BEGIN

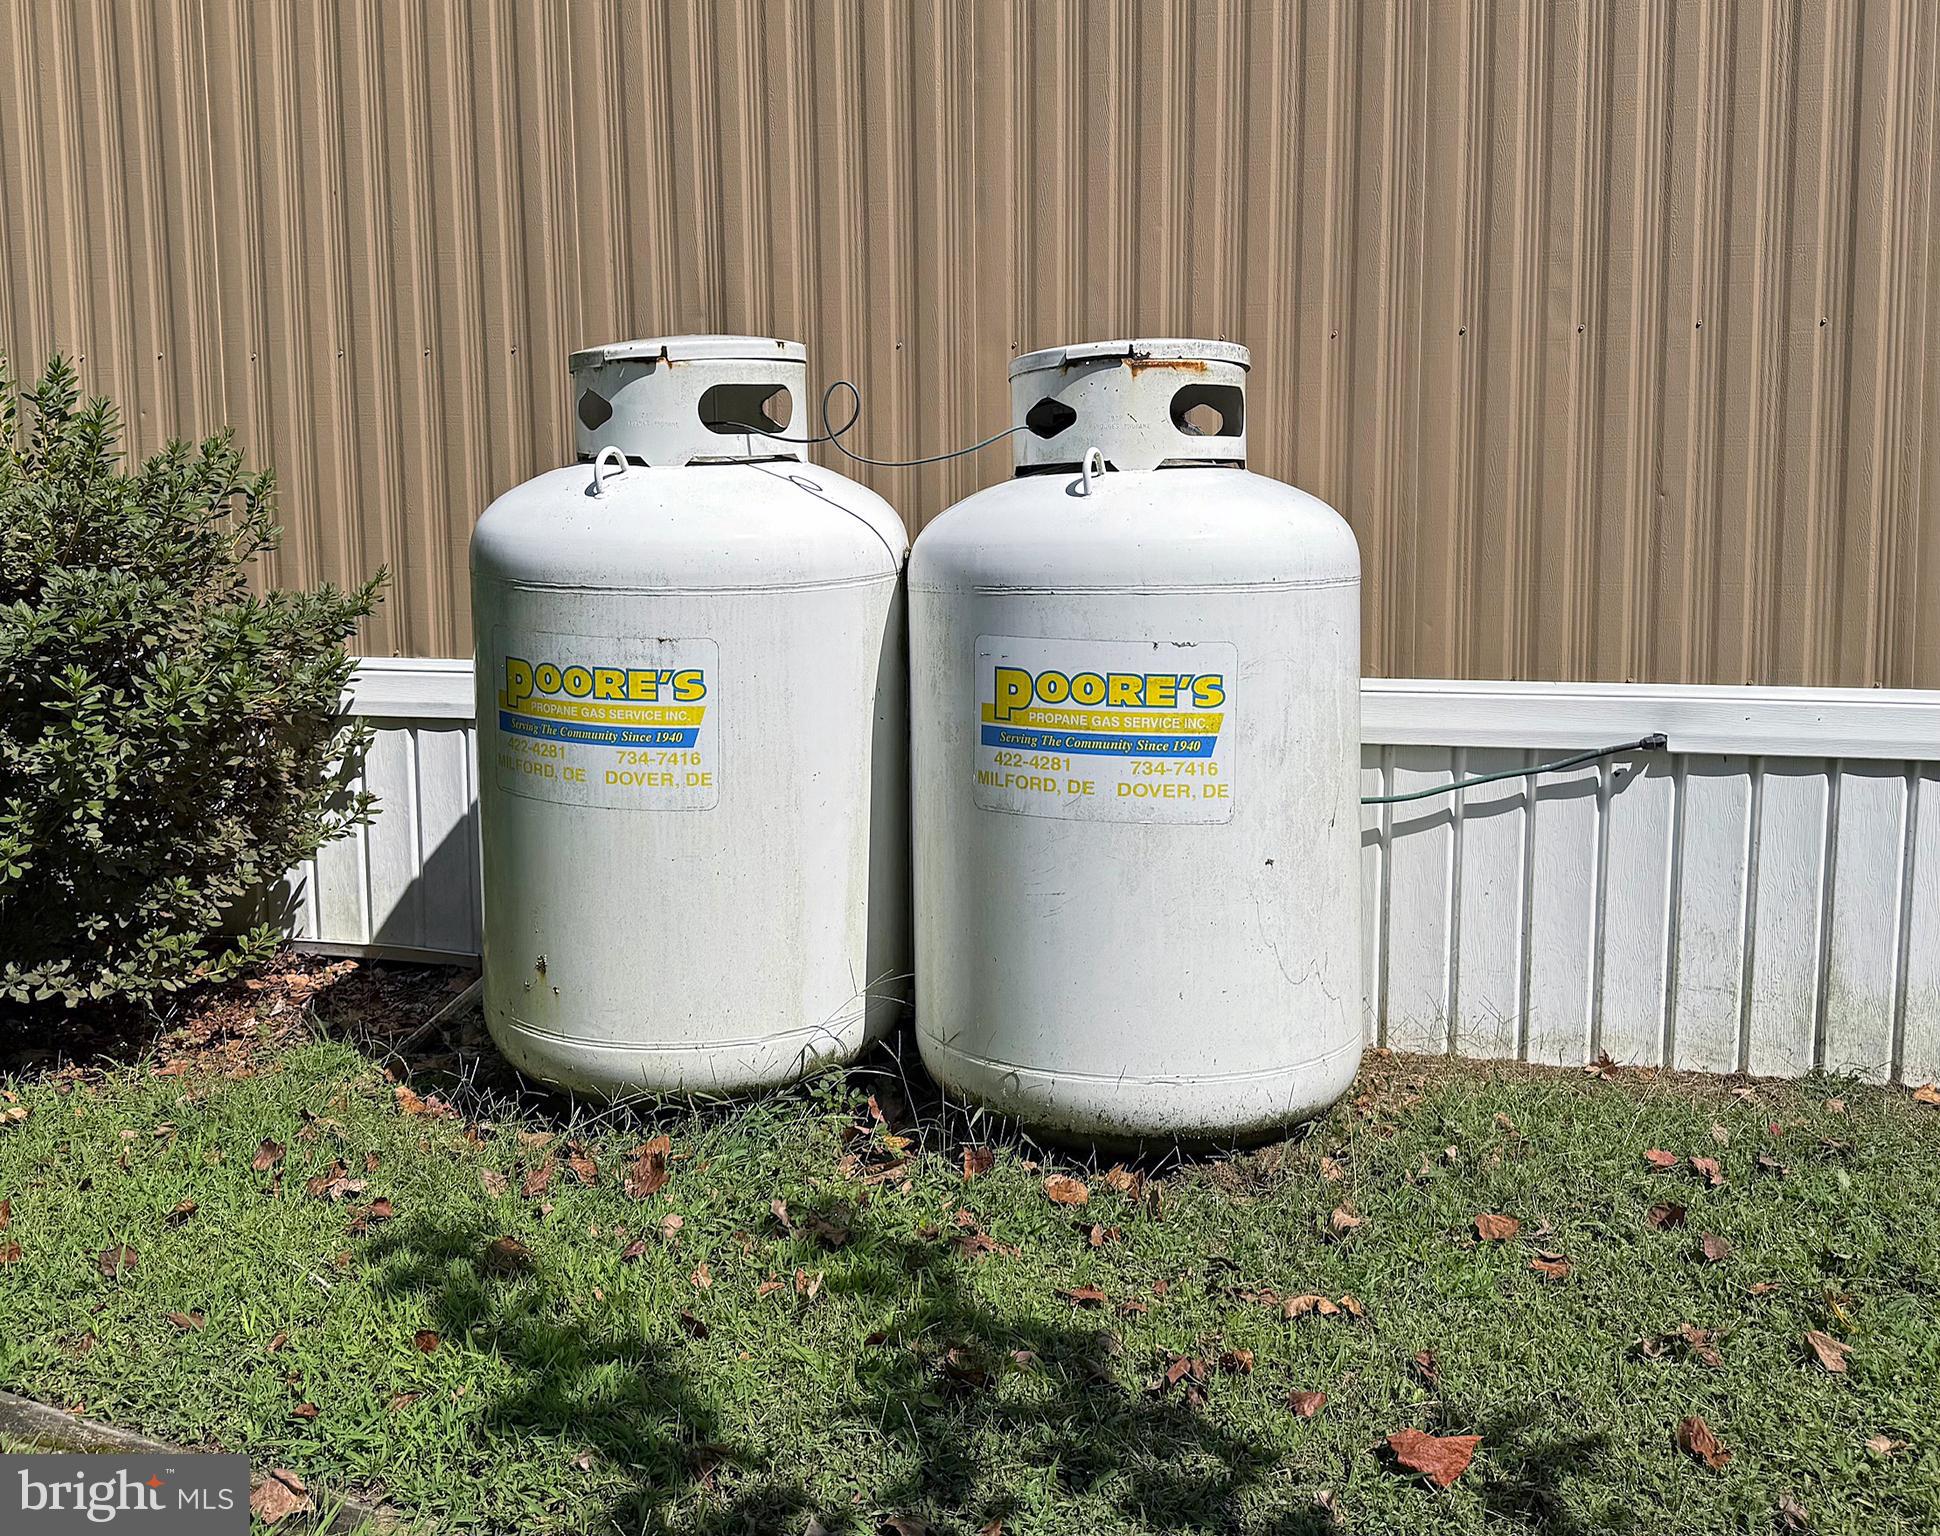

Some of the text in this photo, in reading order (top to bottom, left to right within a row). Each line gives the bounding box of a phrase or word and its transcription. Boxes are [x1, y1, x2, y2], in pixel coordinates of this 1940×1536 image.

[506, 656, 707, 708] POORE'S
[994, 666, 1226, 721] POORE'S
[531, 701, 691, 721] PROPANE GAS SERVICE INC.
[1028, 712, 1210, 729] PROPANE GAS SERVICE INC.
[511, 718, 684, 744] Serving The Community Since 1940
[507, 736, 566, 759] 422-4281
[999, 731, 1201, 753] Serving The Community Since 1940
[497, 753, 588, 782] MILFORD, DE
[616, 751, 701, 766] 734-7416
[993, 751, 1071, 771] 422-4281
[1130, 760, 1219, 777] 734-7416
[605, 771, 712, 789] DOVER, DE
[977, 770, 1095, 797] MILFORD, DE
[1117, 783, 1230, 800] DOVER, DE
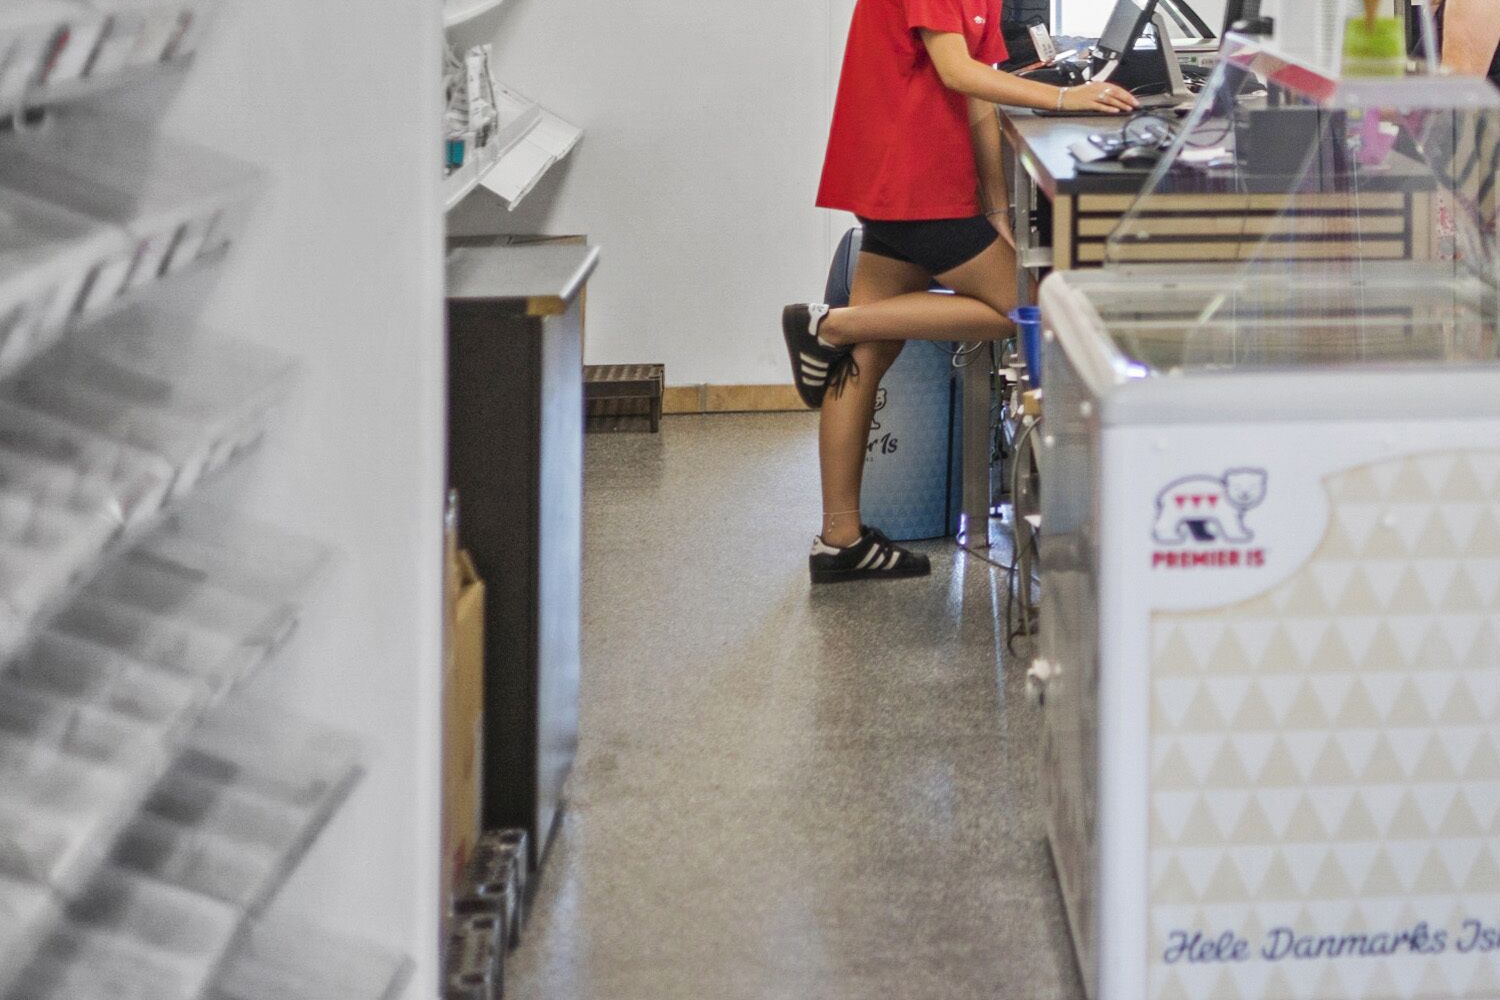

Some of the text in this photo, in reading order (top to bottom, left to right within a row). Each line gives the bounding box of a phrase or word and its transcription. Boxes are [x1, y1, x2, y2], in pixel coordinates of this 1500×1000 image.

[1151, 548, 1265, 568] PREMIER IS
[1164, 930, 1250, 963] Hele
[1259, 920, 1448, 961] Danmarks
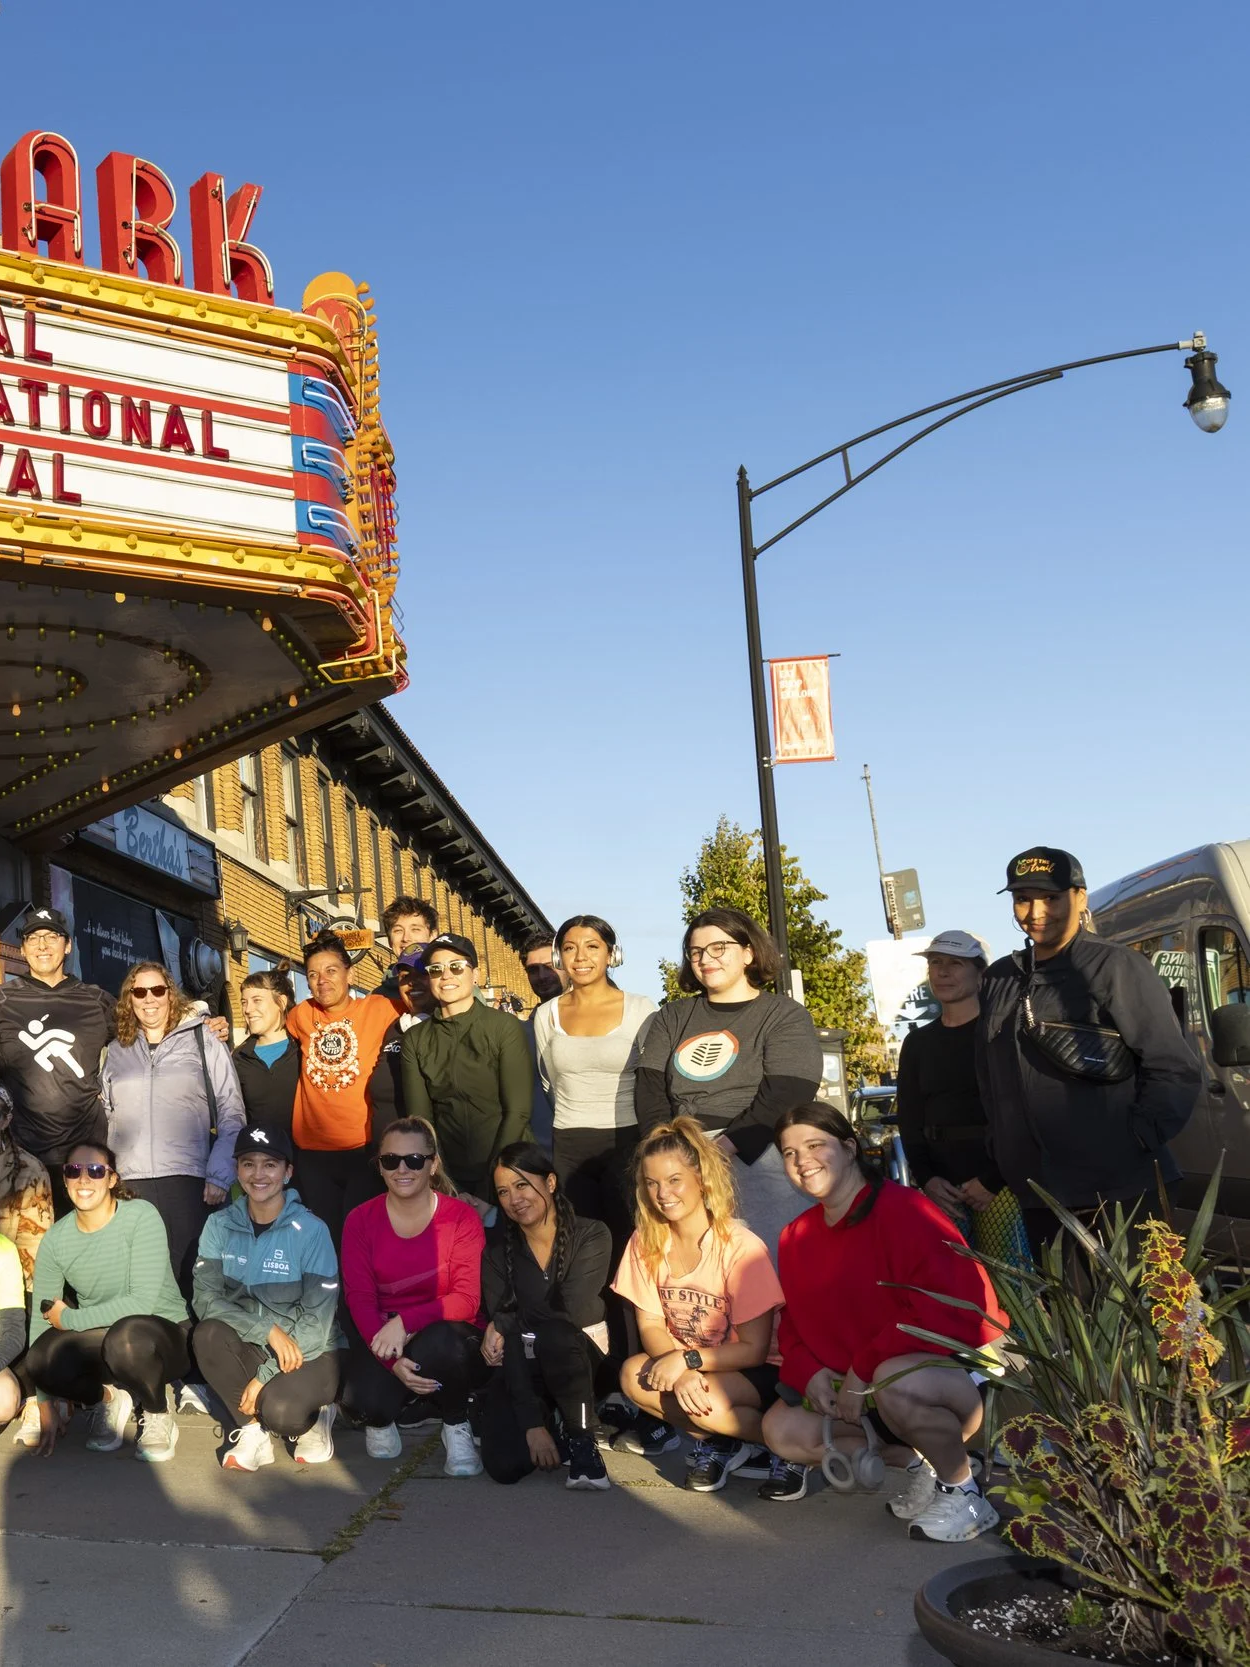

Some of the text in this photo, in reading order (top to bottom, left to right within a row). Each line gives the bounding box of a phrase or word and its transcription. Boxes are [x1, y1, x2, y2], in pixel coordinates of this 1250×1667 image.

[123, 804, 184, 877] Bertha's
[263, 1261, 290, 1271] LISBOA
[678, 1289, 723, 1311] STYLE

END

WORK TO COMPLETE: With the line containing "this 1250×1667 image." as the first and the final line of the records as the last, copy that span exactly and nothing more.

RESULT OF THIS EXERCISE:
Some of the text in this photo, in reading order (top to bottom, left to right within a row). Each line gives the bounding box of a phrase or word and its transcription. Boxes are [x1, y1, x2, y2], in pixel coordinates of this 1250×1667 image.

[123, 804, 184, 877] Bertha's
[263, 1261, 290, 1271] LISBOA
[678, 1289, 723, 1311] STYLE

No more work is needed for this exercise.